> [What you should do] Return each line below exactly as it reads, and omit any image in it.

> [Referring expression grounding data]
--------------------------------

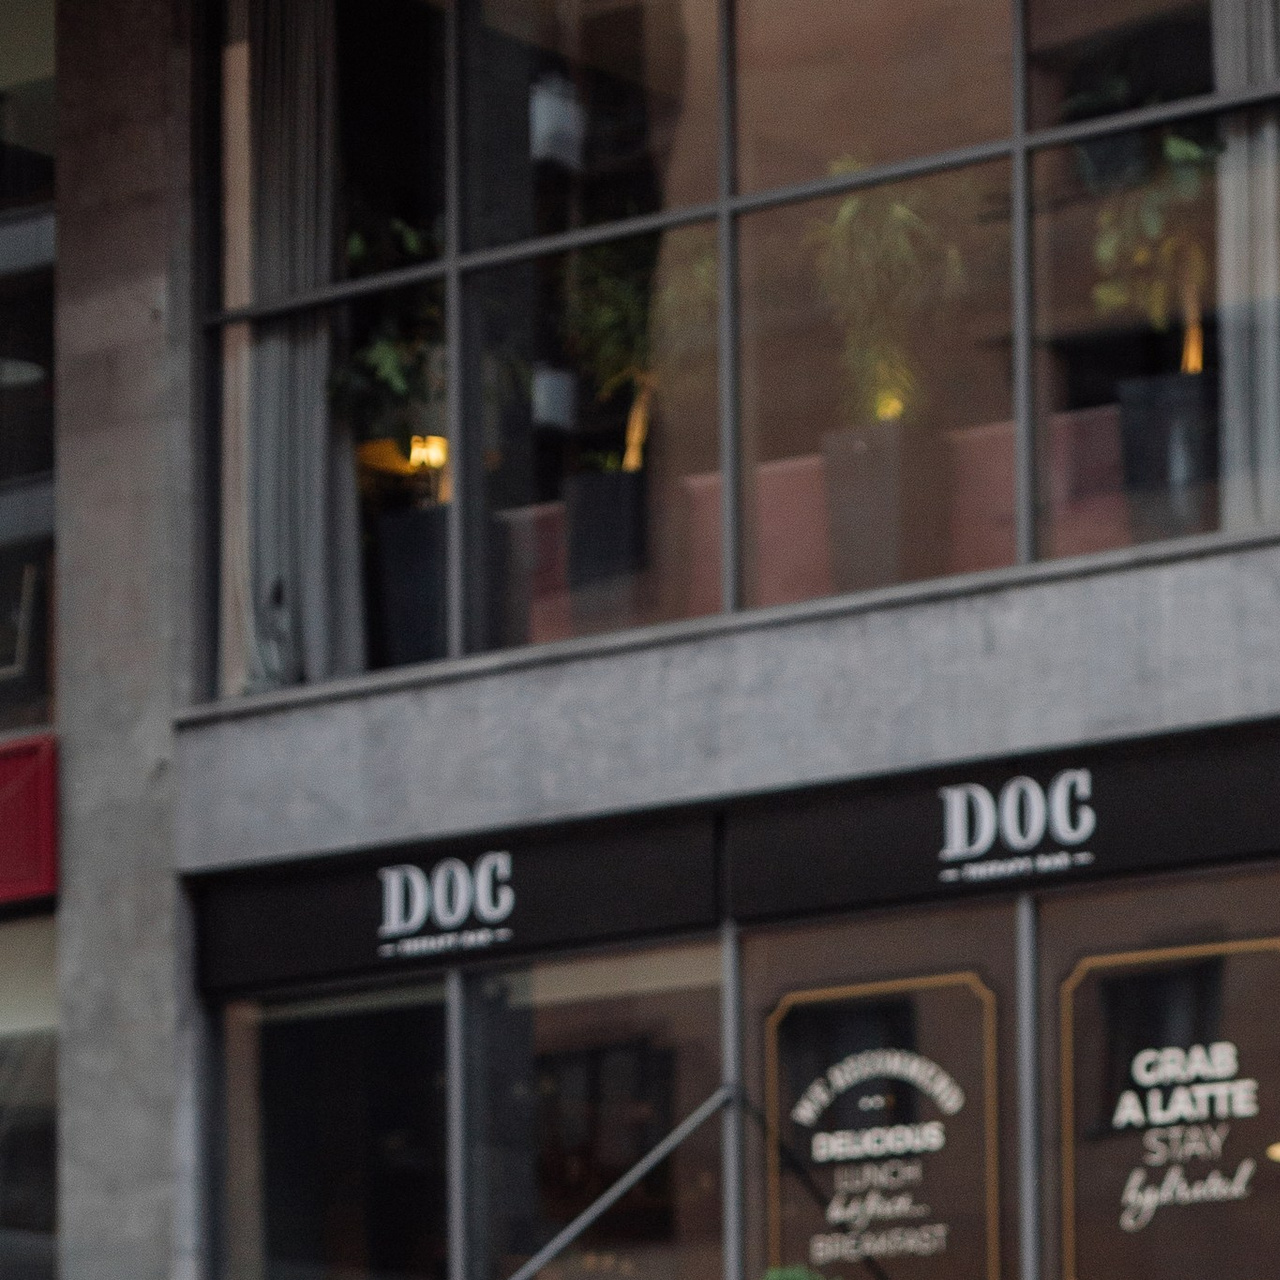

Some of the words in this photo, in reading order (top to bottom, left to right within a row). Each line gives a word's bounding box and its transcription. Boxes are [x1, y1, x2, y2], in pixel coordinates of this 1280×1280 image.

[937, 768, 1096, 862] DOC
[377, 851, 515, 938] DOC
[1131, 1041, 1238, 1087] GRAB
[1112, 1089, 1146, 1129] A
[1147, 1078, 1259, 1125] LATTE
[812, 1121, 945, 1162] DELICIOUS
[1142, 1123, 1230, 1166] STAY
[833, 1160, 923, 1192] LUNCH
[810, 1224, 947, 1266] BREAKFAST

--------------------------------

> [Exercise output]
Some of the words in this photo, in reading order (top to bottom, left to right within a row). Each line gives a word's bounding box and its transcription. Boxes are [x1, y1, x2, y2], in pixel coordinates of this 1280×1280 image.

[937, 768, 1096, 862] DOC
[377, 851, 515, 938] DOC
[1131, 1041, 1238, 1087] GRAB
[1112, 1089, 1146, 1129] A
[1147, 1078, 1259, 1125] LATTE
[812, 1121, 945, 1162] DELICIOUS
[1142, 1123, 1230, 1166] STAY
[833, 1160, 923, 1192] LUNCH
[810, 1224, 947, 1266] BREAKFAST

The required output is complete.